An octree-based, cartesian navier–stokes solver for modern cluster architectures

Adaptive Cartesian mesh approaches have proven useful for multi-scale applications where particular features can be finely resolved within a large solution domain. Traditional patch-based mesh refinement has demonstrated widespread applicability across a range of problems, but can face performance challenges when applied to very large cases with billions of grid points running on large-scale hybrid CPU/GPU architectures. This work investigates an octree-based method combined with traditional finite-difference algorithms specifically designed to execute structured mesh refinement applications efficiently on modern cluster architectures.
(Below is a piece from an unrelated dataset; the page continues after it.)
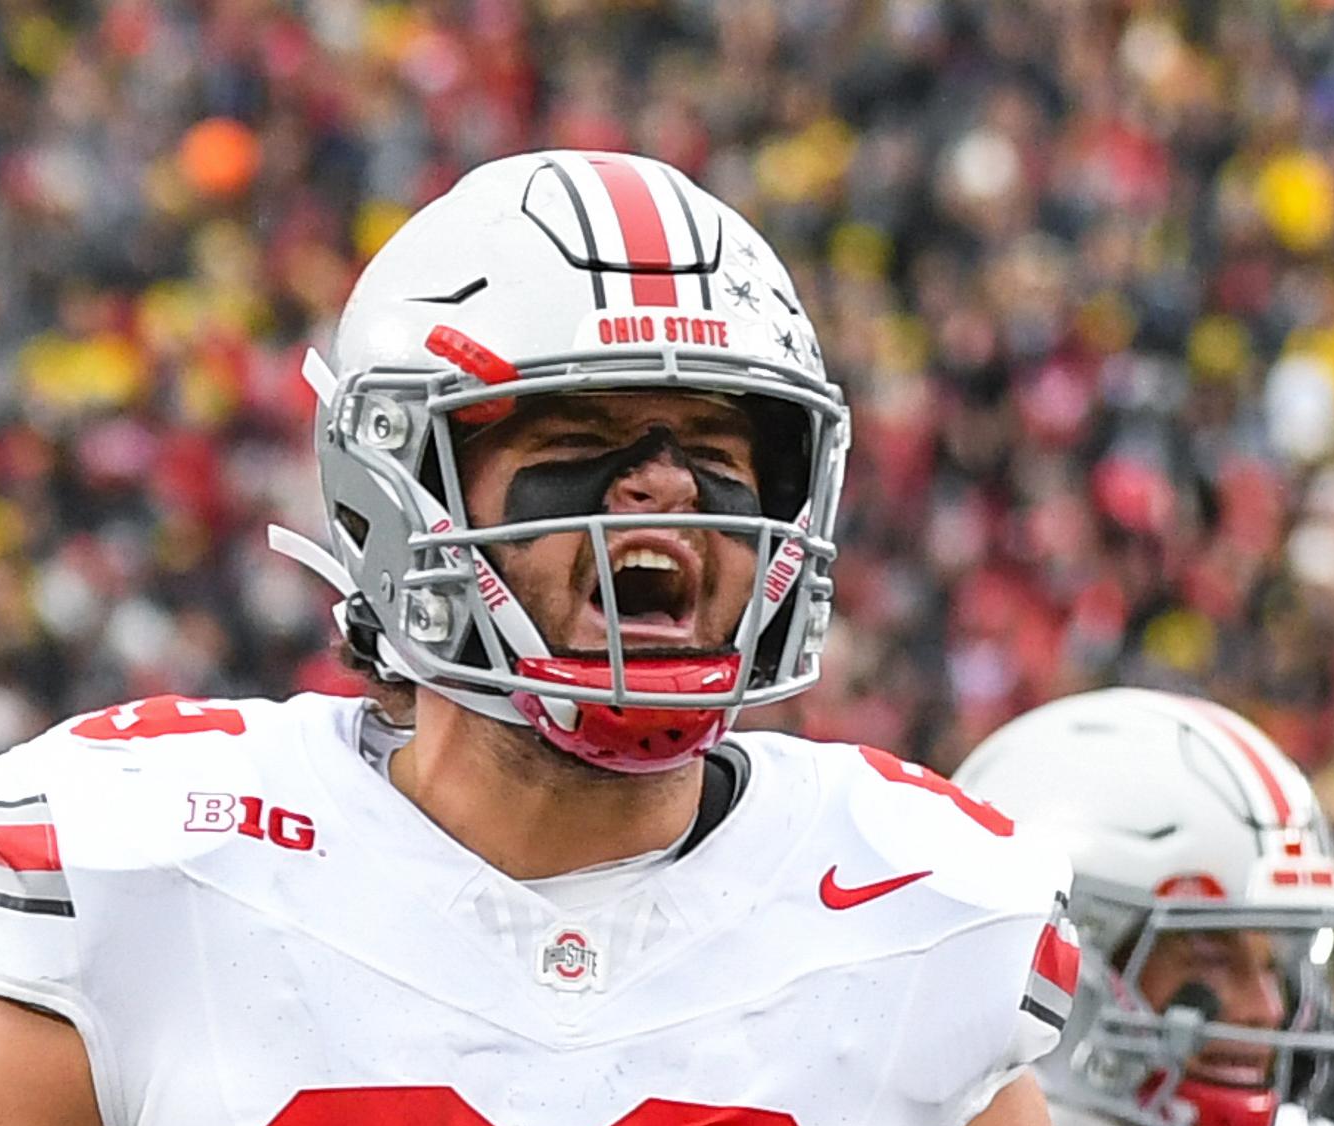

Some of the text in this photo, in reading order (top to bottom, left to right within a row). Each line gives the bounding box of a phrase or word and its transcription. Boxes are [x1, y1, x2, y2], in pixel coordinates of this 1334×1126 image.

[598, 316, 729, 348] OHIO STATE
[764, 560, 795, 603] OHIO
The primary application of the approach is the solution of helicopter rotor aerodynamics, where it is desirable to resolve time-dependent, fine-scale tip vortices within a solution domain that encompasses the entire helicopter and extends several rotor diameters away. This work demonstrates the performance of the octree construction and balance algorithms to scale to billions of mesh cells. A canonical problem (convecting vortex) and two application problems (helicopter rotor simulations) verify and validate the performance and accuracy of the developed framework, Orchard, on CPU and GPU architectures. Scaling on CPUs and GPUs is demonstrated up to 140 Xeon sockets and 36 V100 GPUS, respectively. The solver on GPUs demonstrates an order-of-magnitude speedup over execution on traditional CPU cluster nodes.